VERSO LA FUSIONE CON BPM
Ottimismo condiviso anche dai vertici delle due banche che in autunno convoleranno a nozze. Ieri ad esempio l’ad di Bpm Giuseppe Castagna ha confermato che i lavori per la fusione procedono “senza nessun ritardo”. Secondo il banchiere la domanda per la nuova licenza bancaria, chiesta dalla Bce, non farà slittare i tempi previsti per il via libera delle autorità all’operazione, atteso alla fine di agosto. La richiesta, ha spiegato Castagna, va “in parallelo con il percorso avviato” e la risposta è attesa “negli stessi tempi dell’autorizzazione alla fusione. Le due cose vanno in parallelo, senza nessun ritardo”, ha ribadito il banchiere. Quanto all’ipotesi che da Francoforte arrivino ulteriori richieste prima delle nozze, Castagna ha ricordato che “per ora” i due istituti hanno fatto “tutto quello che andava fatto rispetto ai prerequisiti chiesti dalla Bce. Stiamo andando avanti con il nostro programma, con il piano industriale, avendo sempre a fianco il regolatore”, ha sottolineato, “per tutto quello che succede nel frattempo. Però è un percorso già stabilito, che per ora non ha nessuna sorpresa”.
I NODI DI VENETO BANCA
Sempre ieri peraltro il Banco ha annunciato una seconda cessione di crediti deteriorati dopo quella comunicata lunedì.
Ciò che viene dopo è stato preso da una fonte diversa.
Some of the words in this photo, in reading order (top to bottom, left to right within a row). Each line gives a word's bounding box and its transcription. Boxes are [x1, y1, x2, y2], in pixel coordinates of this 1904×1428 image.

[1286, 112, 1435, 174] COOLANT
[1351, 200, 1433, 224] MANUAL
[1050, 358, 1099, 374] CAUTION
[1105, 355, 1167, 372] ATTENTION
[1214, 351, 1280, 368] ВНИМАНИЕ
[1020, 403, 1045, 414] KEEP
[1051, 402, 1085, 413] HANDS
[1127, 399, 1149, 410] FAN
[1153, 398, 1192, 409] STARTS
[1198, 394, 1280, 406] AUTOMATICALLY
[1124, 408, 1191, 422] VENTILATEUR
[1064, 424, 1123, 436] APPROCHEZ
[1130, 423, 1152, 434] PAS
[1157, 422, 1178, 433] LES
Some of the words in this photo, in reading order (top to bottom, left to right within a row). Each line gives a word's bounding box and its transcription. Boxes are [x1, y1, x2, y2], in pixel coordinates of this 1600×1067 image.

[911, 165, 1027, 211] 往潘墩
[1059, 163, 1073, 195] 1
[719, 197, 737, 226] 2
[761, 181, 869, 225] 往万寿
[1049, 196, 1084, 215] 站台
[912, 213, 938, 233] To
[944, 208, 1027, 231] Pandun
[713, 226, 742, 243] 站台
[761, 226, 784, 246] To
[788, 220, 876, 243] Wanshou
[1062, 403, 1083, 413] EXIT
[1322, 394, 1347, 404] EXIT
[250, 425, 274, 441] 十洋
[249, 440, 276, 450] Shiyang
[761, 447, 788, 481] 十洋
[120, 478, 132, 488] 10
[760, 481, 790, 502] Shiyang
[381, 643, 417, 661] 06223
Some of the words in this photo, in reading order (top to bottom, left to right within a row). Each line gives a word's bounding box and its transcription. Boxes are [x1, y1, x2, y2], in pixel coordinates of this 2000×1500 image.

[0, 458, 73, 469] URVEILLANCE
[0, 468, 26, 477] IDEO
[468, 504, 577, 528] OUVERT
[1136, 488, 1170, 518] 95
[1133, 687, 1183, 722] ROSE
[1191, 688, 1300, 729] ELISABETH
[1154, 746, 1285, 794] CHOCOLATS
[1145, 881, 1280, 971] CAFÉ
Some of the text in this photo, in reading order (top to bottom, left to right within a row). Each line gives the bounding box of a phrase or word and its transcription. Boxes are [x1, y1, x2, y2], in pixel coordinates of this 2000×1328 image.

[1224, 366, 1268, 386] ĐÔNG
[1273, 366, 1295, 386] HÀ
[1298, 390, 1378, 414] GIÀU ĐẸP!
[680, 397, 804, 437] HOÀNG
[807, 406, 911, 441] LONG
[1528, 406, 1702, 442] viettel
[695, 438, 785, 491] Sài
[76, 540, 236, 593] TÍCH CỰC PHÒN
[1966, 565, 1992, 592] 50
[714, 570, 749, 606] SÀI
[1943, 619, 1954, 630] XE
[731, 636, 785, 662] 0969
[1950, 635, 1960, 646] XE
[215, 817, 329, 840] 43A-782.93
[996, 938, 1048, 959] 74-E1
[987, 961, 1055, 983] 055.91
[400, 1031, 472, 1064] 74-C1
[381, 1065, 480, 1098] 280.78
Il portafoglio venduto, con sottostanti ipoteche immobiliari, ammonta a 33,9 milioni di euro, di cui 29,4 secured e 4,5 unsecured, e comporta un addebito a conto economico di poco più di 3 milioni di euro. Completamente diverse sono le attese per l’aumento di Veneto Banca che dovrebbe comunicare i risultati solo domani. Secondo rumor ancora non confermati, le sottoscrizioni si sarebbero attestate intorno all’1% del totale per un controvalore di circa 10 milioni. L’esito dell’operazione è dunque sempre più scontato, soprattutto dopo il dietrofront dei grandi soci che avevano incautamente ventilato un investimento da 600 milioni. Senza un flottante minimo Veneto Banca non potrà approdare in borsa e Atlante si troverà per la seconda volta al timone di una banca retail. Il copione insomma è già scritto, almeno fino al passaggio di proprietà ossia fino al momento in cui il veicolo gestito da Quaestio sottoscriverà l’intero inoptato.
LE INCOGNITE DEL FONDO ATLANTE
Resta da capire quali saranno le strategie di Alessandro Penati (numero uno di Quaestio) e della sua squadra. L’opzione più probabile sembrerebbe una fusione di Veneto Banca con la vicina Bpvi, anch’essa finita sotto l’ombrello protettivo di Atlante. A favore di una soluzione di questo genere giocherebbero le rilevanti sinergie di costo previste anche se, si fa notare, la vicinanza tra le due banche potrebbe rivelarsi un deterrente. Al di là delle filiali, il vero problema sarebbe rappresentato dalla sovrapposizione degli affidamenti che imporrebbe una revisione selettiva del portafoglio crediti.
(Articolo pubblicato sul quotidiano Mf/Milano Finanza diretto da Pierluigi Magnaschi)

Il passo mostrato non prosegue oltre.